▸ **YOUR INSTRUCTIONS**: The answer should consist of all the entries, repeated word for word.
--- RECORDS FOR PROCESSING Enclosed Below ---
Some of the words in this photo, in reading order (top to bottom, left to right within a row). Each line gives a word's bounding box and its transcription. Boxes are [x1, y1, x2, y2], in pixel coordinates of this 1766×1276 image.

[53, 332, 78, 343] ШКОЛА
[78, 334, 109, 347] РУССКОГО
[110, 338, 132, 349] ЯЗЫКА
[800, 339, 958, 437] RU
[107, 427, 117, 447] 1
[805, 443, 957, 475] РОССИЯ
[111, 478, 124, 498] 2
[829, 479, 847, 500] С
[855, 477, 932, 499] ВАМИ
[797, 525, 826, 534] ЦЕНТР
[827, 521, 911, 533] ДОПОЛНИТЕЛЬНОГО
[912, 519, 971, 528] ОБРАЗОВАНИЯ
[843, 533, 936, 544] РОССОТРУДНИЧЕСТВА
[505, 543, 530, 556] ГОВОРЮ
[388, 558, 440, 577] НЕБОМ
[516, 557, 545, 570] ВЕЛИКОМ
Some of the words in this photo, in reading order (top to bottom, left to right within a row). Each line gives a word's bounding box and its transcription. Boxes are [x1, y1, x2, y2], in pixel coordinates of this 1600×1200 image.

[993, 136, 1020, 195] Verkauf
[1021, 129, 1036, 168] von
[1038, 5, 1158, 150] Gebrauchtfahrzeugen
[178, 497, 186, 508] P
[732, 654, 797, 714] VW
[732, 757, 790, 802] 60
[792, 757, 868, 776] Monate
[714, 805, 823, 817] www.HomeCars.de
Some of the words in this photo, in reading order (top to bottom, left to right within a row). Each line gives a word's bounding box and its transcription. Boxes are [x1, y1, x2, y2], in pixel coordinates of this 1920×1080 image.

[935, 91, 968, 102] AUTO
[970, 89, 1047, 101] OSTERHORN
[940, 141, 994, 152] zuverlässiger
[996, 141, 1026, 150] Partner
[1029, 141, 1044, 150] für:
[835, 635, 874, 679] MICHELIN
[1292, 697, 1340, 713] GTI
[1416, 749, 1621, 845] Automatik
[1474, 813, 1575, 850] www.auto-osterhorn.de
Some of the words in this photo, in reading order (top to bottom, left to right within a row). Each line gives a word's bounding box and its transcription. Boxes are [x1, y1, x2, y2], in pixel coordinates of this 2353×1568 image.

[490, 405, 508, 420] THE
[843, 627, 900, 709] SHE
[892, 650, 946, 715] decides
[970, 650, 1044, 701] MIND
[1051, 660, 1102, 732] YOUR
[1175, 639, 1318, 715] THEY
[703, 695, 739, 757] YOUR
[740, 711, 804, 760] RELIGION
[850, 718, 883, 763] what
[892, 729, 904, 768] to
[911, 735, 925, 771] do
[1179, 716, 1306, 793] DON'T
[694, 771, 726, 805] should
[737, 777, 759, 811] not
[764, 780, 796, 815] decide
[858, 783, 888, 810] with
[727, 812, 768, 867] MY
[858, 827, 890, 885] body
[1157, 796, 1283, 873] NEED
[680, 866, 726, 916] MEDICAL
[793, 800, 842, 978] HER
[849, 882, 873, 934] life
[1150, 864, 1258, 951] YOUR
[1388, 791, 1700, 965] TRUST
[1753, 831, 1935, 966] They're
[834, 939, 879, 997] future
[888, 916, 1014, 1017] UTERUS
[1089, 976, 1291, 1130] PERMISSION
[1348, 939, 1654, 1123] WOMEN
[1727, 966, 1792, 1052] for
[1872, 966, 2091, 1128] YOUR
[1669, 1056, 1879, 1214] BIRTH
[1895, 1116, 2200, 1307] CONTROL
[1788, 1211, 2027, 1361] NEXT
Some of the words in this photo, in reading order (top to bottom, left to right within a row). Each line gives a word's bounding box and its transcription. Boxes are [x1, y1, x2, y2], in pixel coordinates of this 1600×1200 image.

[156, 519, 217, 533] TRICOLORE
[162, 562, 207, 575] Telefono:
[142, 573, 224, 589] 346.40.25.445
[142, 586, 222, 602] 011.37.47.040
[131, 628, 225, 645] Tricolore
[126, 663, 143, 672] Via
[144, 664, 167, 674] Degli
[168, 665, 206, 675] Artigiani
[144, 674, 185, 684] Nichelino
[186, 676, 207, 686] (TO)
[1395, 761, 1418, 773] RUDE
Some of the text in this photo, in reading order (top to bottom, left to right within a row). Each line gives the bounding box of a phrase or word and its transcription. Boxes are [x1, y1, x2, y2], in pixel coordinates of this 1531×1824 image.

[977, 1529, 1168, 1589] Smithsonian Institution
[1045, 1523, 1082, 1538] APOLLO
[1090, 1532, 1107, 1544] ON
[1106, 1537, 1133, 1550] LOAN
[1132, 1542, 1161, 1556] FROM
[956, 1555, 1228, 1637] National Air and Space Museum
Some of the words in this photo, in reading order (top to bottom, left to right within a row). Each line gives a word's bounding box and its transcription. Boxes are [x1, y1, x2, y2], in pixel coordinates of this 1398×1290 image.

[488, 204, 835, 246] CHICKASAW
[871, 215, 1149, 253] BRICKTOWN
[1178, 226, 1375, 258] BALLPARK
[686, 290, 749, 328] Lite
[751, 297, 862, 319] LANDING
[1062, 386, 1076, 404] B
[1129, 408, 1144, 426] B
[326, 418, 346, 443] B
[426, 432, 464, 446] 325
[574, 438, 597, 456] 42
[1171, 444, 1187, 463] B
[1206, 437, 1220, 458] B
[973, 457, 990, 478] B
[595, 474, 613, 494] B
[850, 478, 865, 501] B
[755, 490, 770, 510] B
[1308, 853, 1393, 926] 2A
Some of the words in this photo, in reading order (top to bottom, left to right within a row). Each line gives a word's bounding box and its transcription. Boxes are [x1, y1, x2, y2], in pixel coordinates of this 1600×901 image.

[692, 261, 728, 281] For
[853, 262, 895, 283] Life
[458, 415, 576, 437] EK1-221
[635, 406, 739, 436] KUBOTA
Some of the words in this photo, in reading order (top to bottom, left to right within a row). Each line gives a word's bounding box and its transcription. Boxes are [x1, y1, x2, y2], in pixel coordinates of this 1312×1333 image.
--- End of Enclosed RECORDS FOR PROCESSING ---
▸ **RESPONSE FOR THIS EXERCISE**:
Some of the words in this photo, in reading order (top to bottom, left to right within a row). Each line gives a word's bounding box and its transcription. Boxes are [x1, y1, x2, y2], in pixel coordinates of this 1766×1276 image.

[53, 332, 78, 343] ШКОЛА
[78, 334, 109, 347] РУССКОГО
[110, 338, 132, 349] ЯЗЫКА
[800, 339, 958, 437] RU
[107, 427, 117, 447] 1
[805, 443, 957, 475] РОССИЯ
[111, 478, 124, 498] 2
[829, 479, 847, 500] С
[855, 477, 932, 499] ВАМИ
[797, 525, 826, 534] ЦЕНТР
[827, 521, 911, 533] ДОПОЛНИТЕЛЬНОГО
[912, 519, 971, 528] ОБРАЗОВАНИЯ
[843, 533, 936, 544] РОССОТРУДНИЧЕСТВА
[505, 543, 530, 556] ГОВОРЮ
[388, 558, 440, 577] НЕБОМ
[516, 557, 545, 570] ВЕЛИКОМ
Some of the words in this photo, in reading order (top to bottom, left to right within a row). Each line gives a word's bounding box and its transcription. Boxes are [x1, y1, x2, y2], in pixel coordinates of this 1600×1200 image.

[993, 136, 1020, 195] Verkauf
[1021, 129, 1036, 168] von
[1038, 5, 1158, 150] Gebrauchtfahrzeugen
[178, 497, 186, 508] P
[732, 654, 797, 714] VW
[732, 757, 790, 802] 60
[792, 757, 868, 776] Monate
[714, 805, 823, 817] www.HomeCars.de
Some of the words in this photo, in reading order (top to bottom, left to right within a row). Each line gives a word's bounding box and its transcription. Boxes are [x1, y1, x2, y2], in pixel coordinates of this 1920×1080 image.

[935, 91, 968, 102] AUTO
[970, 89, 1047, 101] OSTERHORN
[940, 141, 994, 152] zuverlässiger
[996, 141, 1026, 150] Partner
[1029, 141, 1044, 150] für:
[835, 635, 874, 679] MICHELIN
[1292, 697, 1340, 713] GTI
[1416, 749, 1621, 845] Automatik
[1474, 813, 1575, 850] www.auto-osterhorn.de
Some of the words in this photo, in reading order (top to bottom, left to right within a row). Each line gives a word's bounding box and its transcription. Boxes are [x1, y1, x2, y2], in pixel coordinates of this 2353×1568 image.

[490, 405, 508, 420] THE
[843, 627, 900, 709] SHE
[892, 650, 946, 715] decides
[970, 650, 1044, 701] MIND
[1051, 660, 1102, 732] YOUR
[1175, 639, 1318, 715] THEY
[703, 695, 739, 757] YOUR
[740, 711, 804, 760] RELIGION
[850, 718, 883, 763] what
[892, 729, 904, 768] to
[911, 735, 925, 771] do
[1179, 716, 1306, 793] DON'T
[694, 771, 726, 805] should
[737, 777, 759, 811] not
[764, 780, 796, 815] decide
[858, 783, 888, 810] with
[727, 812, 768, 867] MY
[858, 827, 890, 885] body
[1157, 796, 1283, 873] NEED
[680, 866, 726, 916] MEDICAL
[793, 800, 842, 978] HER
[849, 882, 873, 934] life
[1150, 864, 1258, 951] YOUR
[1388, 791, 1700, 965] TRUST
[1753, 831, 1935, 966] They're
[834, 939, 879, 997] future
[888, 916, 1014, 1017] UTERUS
[1089, 976, 1291, 1130] PERMISSION
[1348, 939, 1654, 1123] WOMEN
[1727, 966, 1792, 1052] for
[1872, 966, 2091, 1128] YOUR
[1669, 1056, 1879, 1214] BIRTH
[1895, 1116, 2200, 1307] CONTROL
[1788, 1211, 2027, 1361] NEXT
Some of the words in this photo, in reading order (top to bottom, left to right within a row). Each line gives a word's bounding box and its transcription. Boxes are [x1, y1, x2, y2], in pixel coordinates of this 1600×1200 image.

[156, 519, 217, 533] TRICOLORE
[162, 562, 207, 575] Telefono:
[142, 573, 224, 589] 346.40.25.445
[142, 586, 222, 602] 011.37.47.040
[131, 628, 225, 645] Tricolore
[126, 663, 143, 672] Via
[144, 664, 167, 674] Degli
[168, 665, 206, 675] Artigiani
[144, 674, 185, 684] Nichelino
[186, 676, 207, 686] (TO)
[1395, 761, 1418, 773] RUDE
Some of the text in this photo, in reading order (top to bottom, left to right within a row). Each line gives the bounding box of a phrase or word and its transcription. Boxes are [x1, y1, x2, y2], in pixel coordinates of this 1531×1824 image.

[977, 1529, 1168, 1589] Smithsonian Institution
[1045, 1523, 1082, 1538] APOLLO
[1090, 1532, 1107, 1544] ON
[1106, 1537, 1133, 1550] LOAN
[1132, 1542, 1161, 1556] FROM
[956, 1555, 1228, 1637] National Air and Space Museum
Some of the words in this photo, in reading order (top to bottom, left to right within a row). Each line gives a word's bounding box and its transcription. Boxes are [x1, y1, x2, y2], in pixel coordinates of this 1398×1290 image.

[488, 204, 835, 246] CHICKASAW
[871, 215, 1149, 253] BRICKTOWN
[1178, 226, 1375, 258] BALLPARK
[686, 290, 749, 328] Lite
[751, 297, 862, 319] LANDING
[1062, 386, 1076, 404] B
[1129, 408, 1144, 426] B
[326, 418, 346, 443] B
[426, 432, 464, 446] 325
[574, 438, 597, 456] 42
[1171, 444, 1187, 463] B
[1206, 437, 1220, 458] B
[973, 457, 990, 478] B
[595, 474, 613, 494] B
[850, 478, 865, 501] B
[755, 490, 770, 510] B
[1308, 853, 1393, 926] 2A
Some of the words in this photo, in reading order (top to bottom, left to right within a row). Each line gives a word's bounding box and its transcription. Boxes are [x1, y1, x2, y2], in pixel coordinates of this 1600×901 image.

[692, 261, 728, 281] For
[853, 262, 895, 283] Life
[458, 415, 576, 437] EK1-221
[635, 406, 739, 436] KUBOTA
Some of the words in this photo, in reading order (top to bottom, left to right within a row). Each line gives a word's bounding box and its transcription. Boxes are [x1, y1, x2, y2], in pixel coordinates of this 1312×1333 image.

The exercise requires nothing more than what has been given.